A search was conducted, but we did not find any case of pellagra does not involve other medical condition and associated with hallucination (which is uncommon presentation) and over-salivation.
A 33 year old African female, living in Makkah, presented to ER with decreased LOC & diarrhoea which was observed by the attending nurse with no more available history.
On examination: she was afebrile; Pulse rate was 100 bpm, BP 90/60 mmHg, R/R 18 breaths/min, [O.sub.2] saturation 98% on room air. She was disoriented having hallucination, underweight, dehydrated, pale. She had scaly skin changes over her hands, forearms and legs. Also, she had red smooth tongue with oversalivation.

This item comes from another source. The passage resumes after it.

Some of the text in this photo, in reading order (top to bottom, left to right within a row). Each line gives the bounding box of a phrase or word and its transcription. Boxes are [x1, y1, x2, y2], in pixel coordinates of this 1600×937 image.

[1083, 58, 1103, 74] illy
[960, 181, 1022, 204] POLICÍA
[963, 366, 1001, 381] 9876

There was no clubbing, cyanosis, or jaundice. CVS examination: normal S1 and S2, no murmurs. Chest: clear equal air entry, no wheezes or crackles. Per Abdomen examination: abdomen was soft, lax, no tenderness, liver span 14 cm (hepatomegaly), and PR negative. CNS examination: opening her eyes spontaneously, not obeying commands, talking inappropriately, moving 4 limbs, no neck stiffness and meningeal signs are negative.
Laboratory studies revealed normal WBC and platelet, low Hb (microcytic hypochromic anaemia), hypokalaemia due to diarrhoea, hypoalbuminemia, low iron and ferritin. She had normal renal function test, LDH, ALT, AST, Na, Po4, and Mg. CXR: normal findings. ECG: sinus tachycardia with regular rhythm. CT brain: normal findings. U/S abdomen: fatty liver with minimal ascites. She had negative stool analysis and C/S, CSF analysis, toxicology screen, brucella, salmonella, malaria film, HIV, tuberculin test, and septic screen. Niacin level testing is not readily available.

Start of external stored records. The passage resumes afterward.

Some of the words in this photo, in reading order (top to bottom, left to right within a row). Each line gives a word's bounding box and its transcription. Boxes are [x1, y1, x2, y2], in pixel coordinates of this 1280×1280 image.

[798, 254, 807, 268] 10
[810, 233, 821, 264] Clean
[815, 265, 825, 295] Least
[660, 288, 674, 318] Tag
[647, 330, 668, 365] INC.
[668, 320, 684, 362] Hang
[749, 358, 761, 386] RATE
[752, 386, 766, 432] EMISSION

Hospital Course: She was diagnosed as acute confusional state, and she received IVF, PRBC, and correction of electrolytes. Patient has received empirical antibiotics since admission and for 3 days, and conservative treatment but has not improved yet! Patient was still confused, having diarrhoea, and oversalivation. On the 4th day of admission, niacin deficiency was suspected. Therefore, niacin was started at dose of 100 mg BID per oral. By the 6th day of the hospital stay, Patient had become oriented, communicating, with no diarrhoea, and the skin lesion started to improve. On the 7th day, the patient was able to tolerate oral intake with minimal pain on swallowing which was improved with mouth wash. At the end of the 15th day, she was discharged on niacin.
Pellagra is the most frequent clinical feature of nutritional deficiency in adults in rural populations in the Third World, whose staple diet is niacin deficient jawar or maize with inadequate animal protein, fruits and vegetables. 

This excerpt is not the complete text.